THIS NETWORK OF HIGHLY INTERTWINED NANOWIRES CAN LOOK CHAOTIC AND RANDOM, ITS STRUCTURE

400.00 Dollar US$
April 11, 2024 United States 10

Description

This network of highly intertwined nanowires can look chaotic and random, but its structure and behavior resemble the behavior of brain neurons. Scientists from NanoSystems develop it as a device-brain for learning and computing Moreover, preliminary experiments show that this neuromorphic (that is, brain-like) silver wire mesh has a large functional potential. It can already perform simple training and logical operations. It can clean the received signal from unwanted noise, and it is an important ability to recognize voice and similar tasks that cause problems for traditional computers. And its existence proves the principle that one day it will be possible to create devices with energy efficiency, close to the energy efficiency of the brain. Particularly curious, these advantages look against the background of the approaching miniaturization limit and the efficiency of silicon microprocessors. "Moore's law is dead, semiconductors can no longer grow smaller, and people start to say, what are we supposed to do," says Alex Nugent, CEO of Knowm, a neuromorphic computation company that did not participate in the University of California project. "I like this idea, this direction. Conventional computing platforms are a billion times less efficient. " 
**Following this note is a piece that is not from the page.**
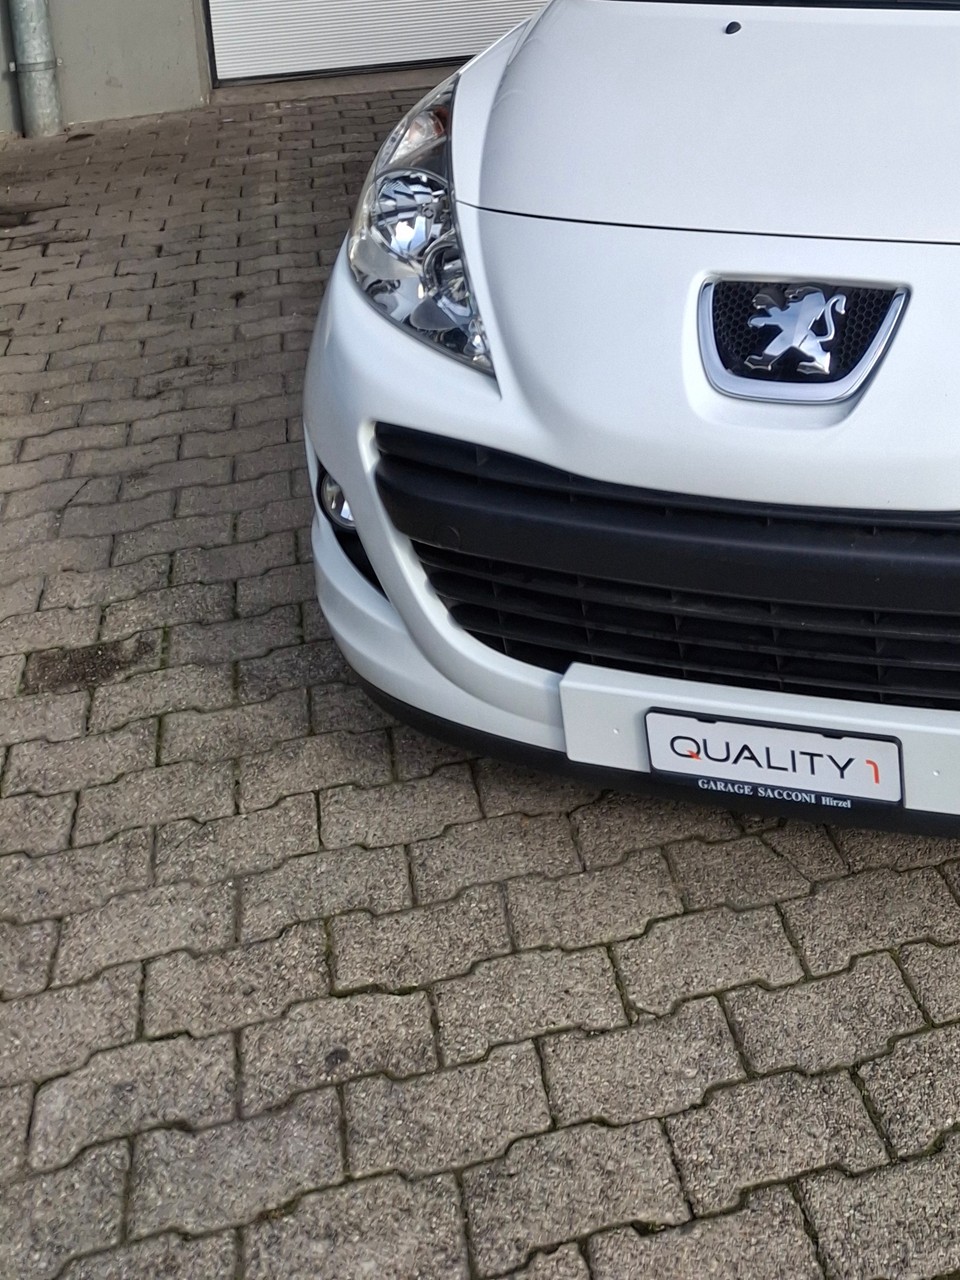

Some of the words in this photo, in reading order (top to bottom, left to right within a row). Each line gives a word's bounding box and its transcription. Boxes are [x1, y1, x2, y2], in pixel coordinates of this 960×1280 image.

[698, 778, 753, 795] GARAGE
[757, 786, 816, 804] SACCONI
[821, 796, 852, 809] Hirzel
This network of highly intertwined nanowires can look chaotic and random, but its structure and behavior resemble the behavior of brain neurons. Scientists from NanoSystems develop it as a device-brain for learning and computing Moreover, preliminary experiments show that this neuromorphic (that is, brain-like) silver wire mesh has a large functional potential. It can already perform simple training and logical operations. It can clean the received signal from unwanted noise, and it is an important ability to recognize voice and similar tasks that cause problems for traditional computers. And its existence proves the principle that one day it will be possible to create devices with energy efficiency, close to the energy efficiency of the brain. Particularly curious, these advantages look against the background of the approaching miniaturization limit and the efficiency of silicon microprocessors. "Moore's law is dead, semiconductors can no longer grow smaller, and people start to say, what are we supposed to do," says Alex Nugent, CEO of Knowm, a neuromorphic computation company that did not participate in the University of California project. "I like this idea, this direction. Conventional computing platforms are a billion times less efficient. "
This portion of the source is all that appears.